I know I must show $\exists$ $n > N$ such that $\left|\ln\left(e +\frac{1}{n}\right)-1\right|< \varepsilon $
But I am having difficulty simplifying the expression and isolating for n. Is there an elementary log rule that can be used?
On
This is a good result/corollary to know about continuity: If $f$ is continuous at $x$, then: $$\lim_{n \rightarrow \infty} x_n = x \rightarrow \lim_{n \rightarrow \infty}f(x_n) = f(x)$$ In this case, the function $\ln$ is continuous at $e$ (and in an open set about $e$) , so that, applying that to $f(x)=\ln x $, we have that : $$\lim_{n \rightarrow \infty} \ln(e+1/n)= \ln( e+ \lim_{n \rightarrow \infty} 1/n)=\ln e $$
Edit: @Did suggested this corollary was written ambiguously, or in a mangled way: the intended point is that continuity implies sequential * continuity, which is to say that , when f is continuous at a point x, then, whenever we have $x_n \rightarrow x$, it follows that $f(x_n) \rightarrow f(x)$.

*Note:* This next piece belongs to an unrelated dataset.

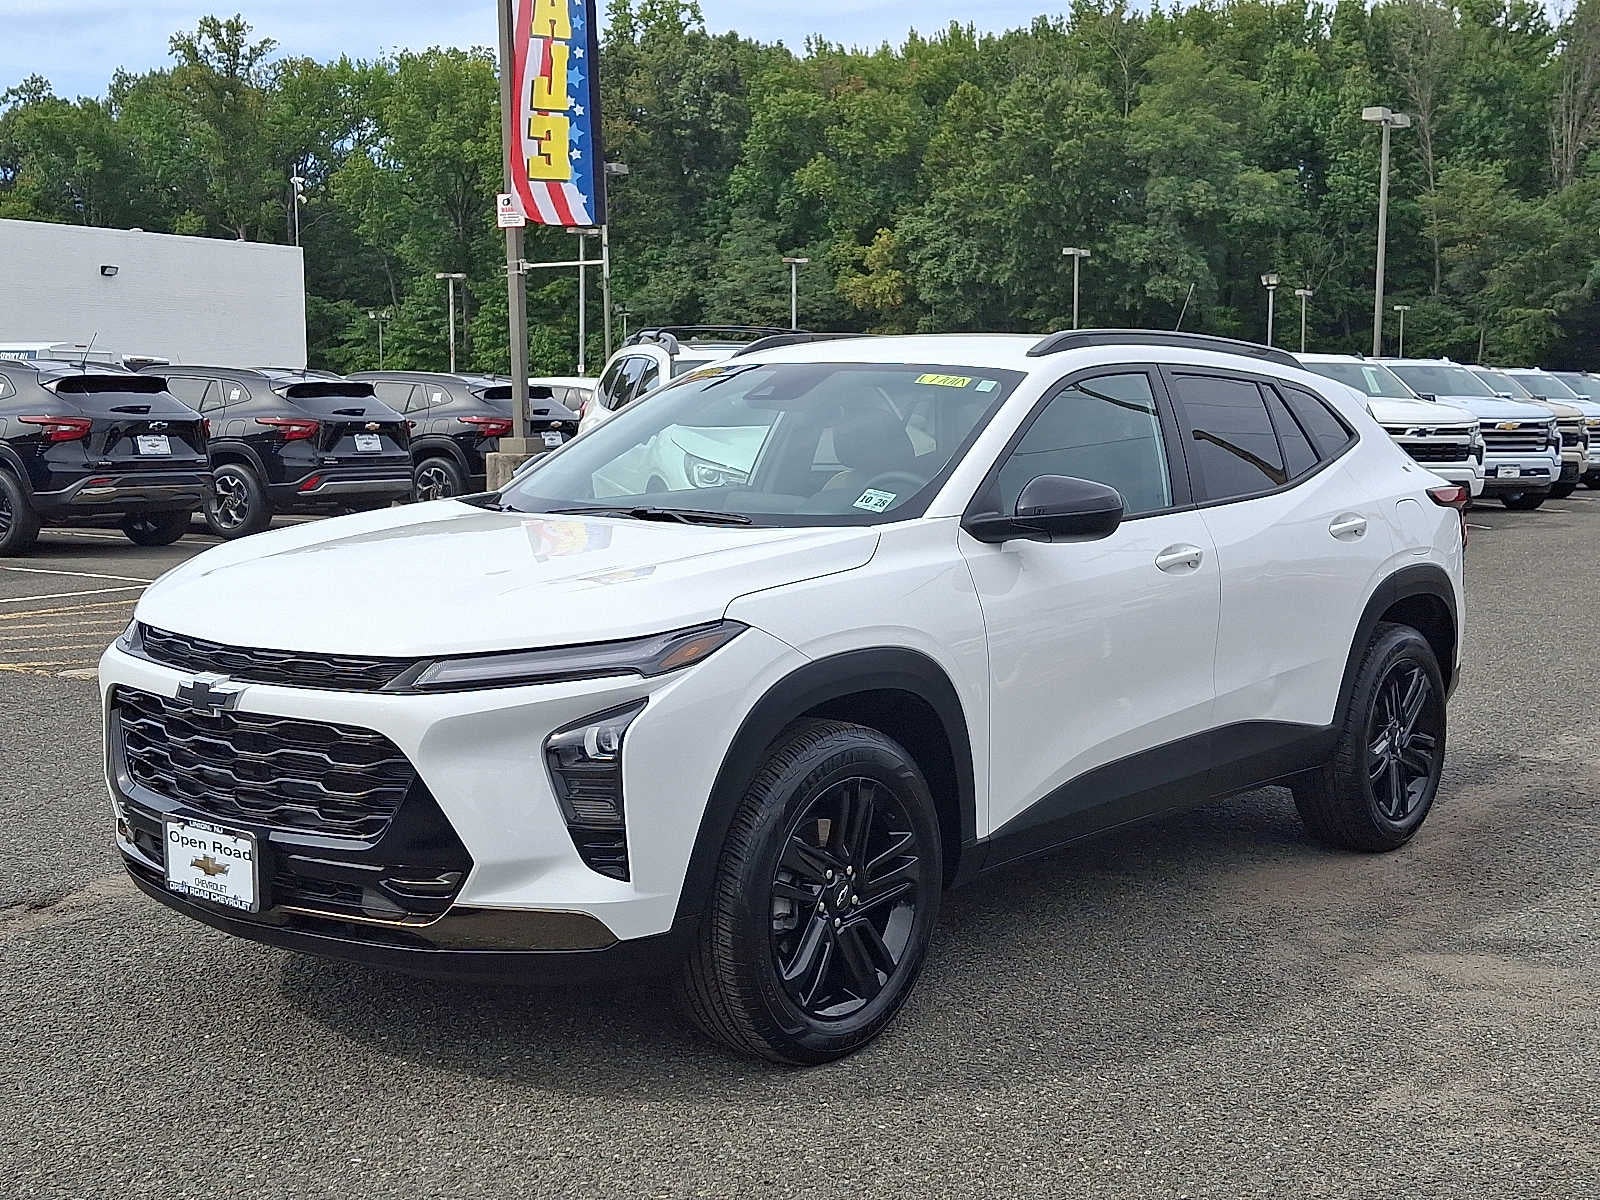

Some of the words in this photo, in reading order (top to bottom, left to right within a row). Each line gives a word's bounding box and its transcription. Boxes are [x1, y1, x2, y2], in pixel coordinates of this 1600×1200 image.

Formally, here, we have :i) ln(x) is continuous in $( 0, \infty)$ ii) ln(x) is sequentially continuous in $(0, \infty)$ . Then we have $e+1/n \rightarrow e$, from which we conclude, using sequential continuity, that $ln(e+1/n) \rightarrow ln(e)=1$
Hint: Rewrite as $\ln\left(e\left(1+\frac{1}{en}\right)\right)$, and then as $\ln e+\ln\left(1+\frac{1}{en}\right)$. Then use the fact that for $x\gt 0$ we have $0\lt \ln(1+x)\lt x$.